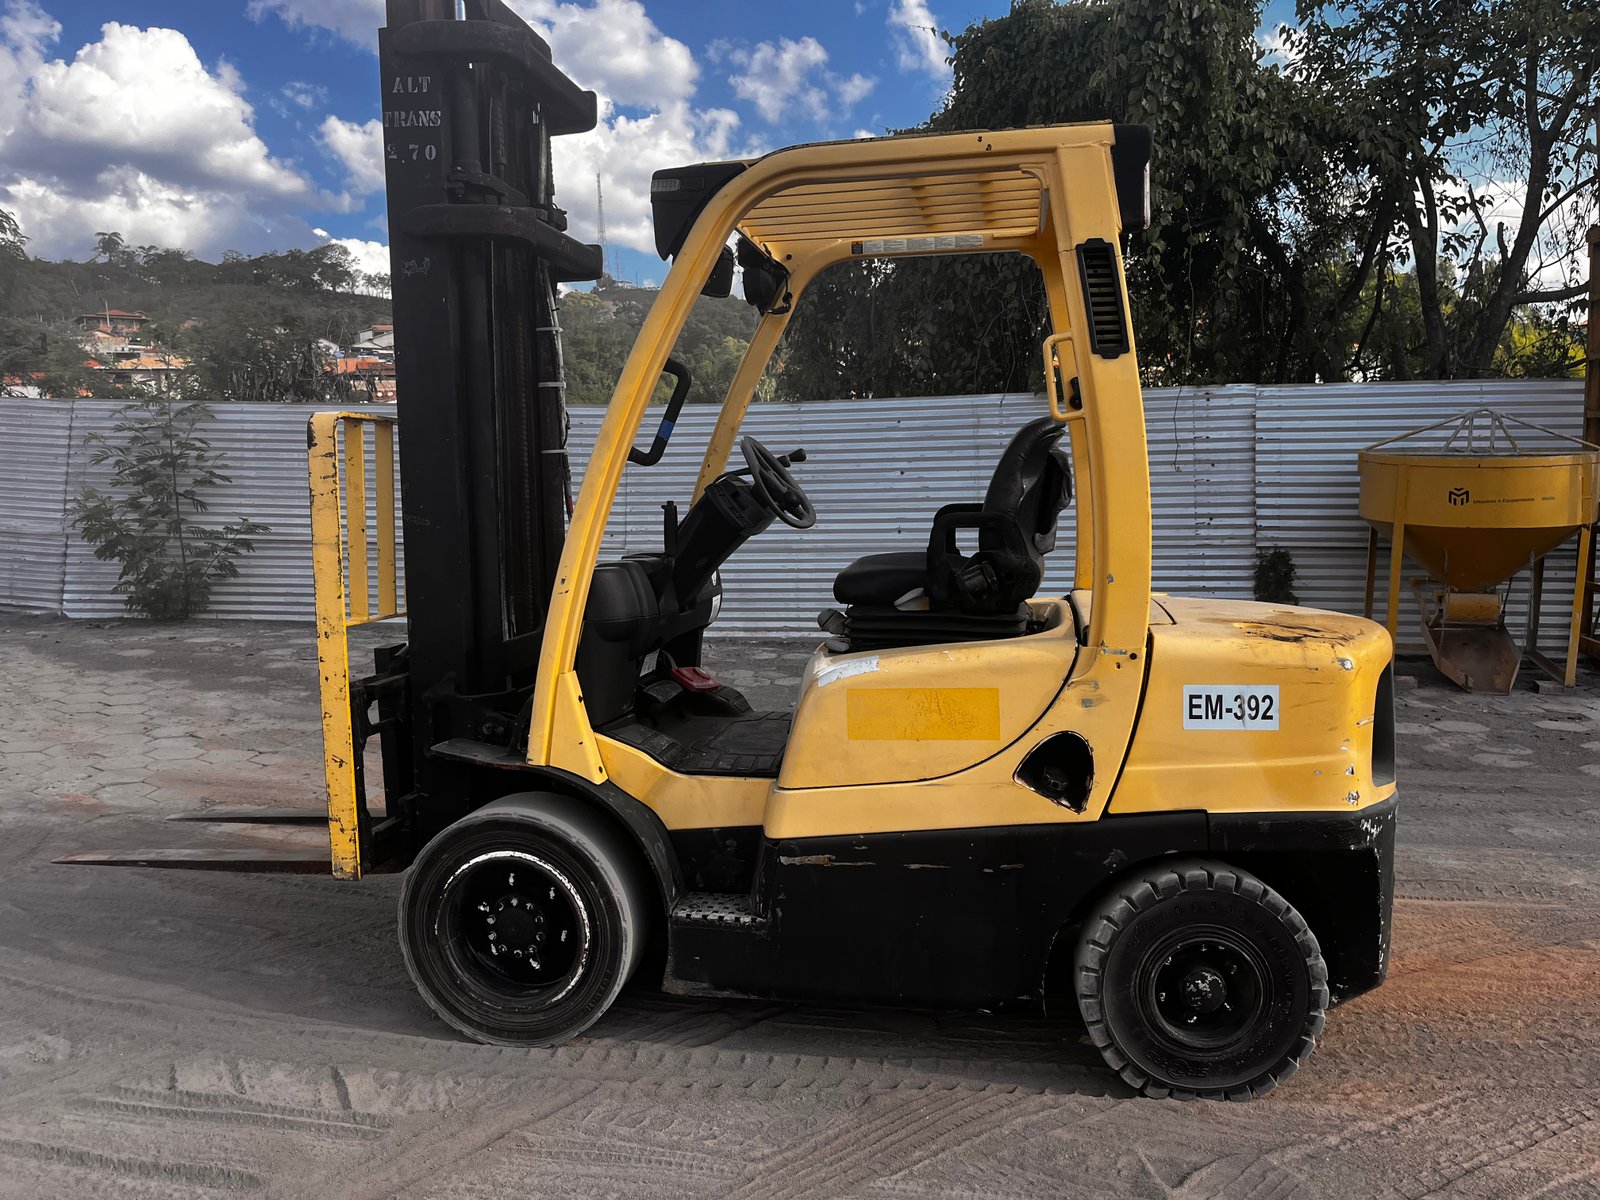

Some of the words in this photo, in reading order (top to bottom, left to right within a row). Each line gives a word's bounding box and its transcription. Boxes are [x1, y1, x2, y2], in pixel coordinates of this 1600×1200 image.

[392, 76, 431, 93] ALT
[384, 110, 441, 128] TRANS
[1188, 694, 1274, 721] EM-392
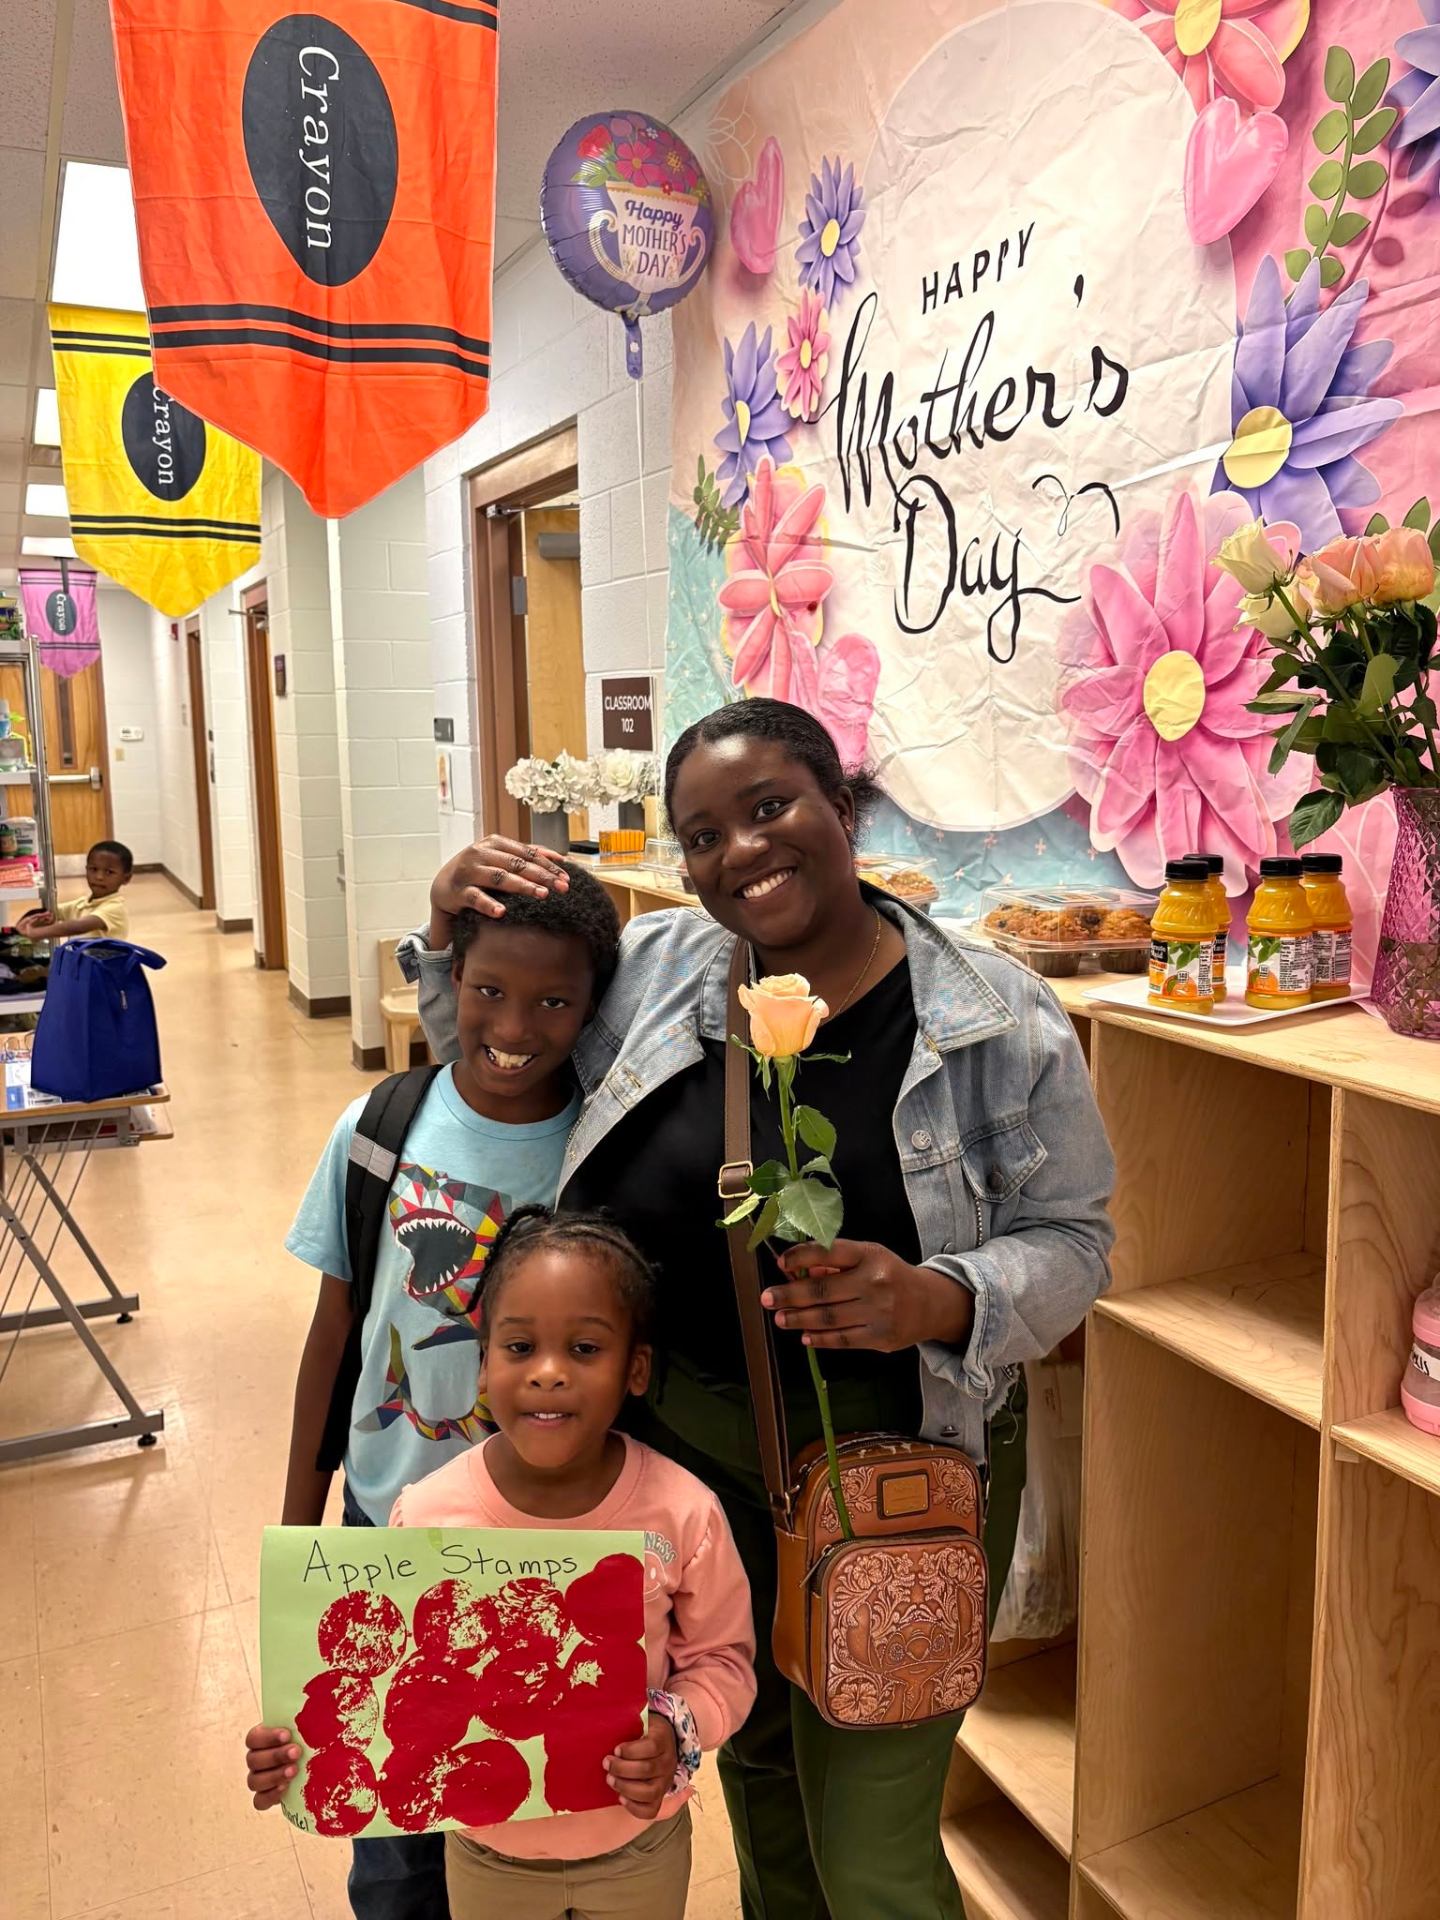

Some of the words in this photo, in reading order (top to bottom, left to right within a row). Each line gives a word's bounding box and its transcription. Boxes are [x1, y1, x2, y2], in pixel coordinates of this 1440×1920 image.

[298, 46, 340, 249] Crayon
[625, 199, 684, 232] Happy
[622, 224, 687, 256] MOTHER'S
[637, 251, 670, 278] DAY
[922, 222, 1035, 315] HAPPY
[812, 274, 1130, 514] Mother's
[893, 474, 1082, 664] Day
[604, 694, 652, 711] CLASSROOM
[621, 717, 635, 733] 102
[303, 1539, 418, 1594] Apple
[440, 1544, 578, 1585] Stamps

============

§ Your instructions: Produce an exact reprint of the entries, dropping the images.

§ Reply to the exercise:
Some of the words in this photo, in reading order (top to bottom, left to right within a row). Each line gives a word's bounding box and its transcription. Boxes are [x1, y1, x2, y2], in pixel coordinates of this 1600×1200 image.

[392, 76, 431, 93] ALT
[384, 110, 441, 128] TRANS
[1188, 694, 1274, 721] EM-392

Some of the words in this photo, in reading order (top to bottom, left to right within a row). Each line gives a word's bounding box and its transcription. Boxes are [x1, y1, x2, y2], in pixel coordinates of this 1440×1920 image.

[298, 46, 340, 249] Crayon
[625, 199, 684, 232] Happy
[622, 224, 687, 256] MOTHER'S
[637, 251, 670, 278] DAY
[922, 222, 1035, 315] HAPPY
[812, 274, 1130, 514] Mother's
[893, 474, 1082, 664] Day
[604, 694, 652, 711] CLASSROOM
[621, 717, 635, 733] 102
[303, 1539, 418, 1594] Apple
[440, 1544, 578, 1585] Stamps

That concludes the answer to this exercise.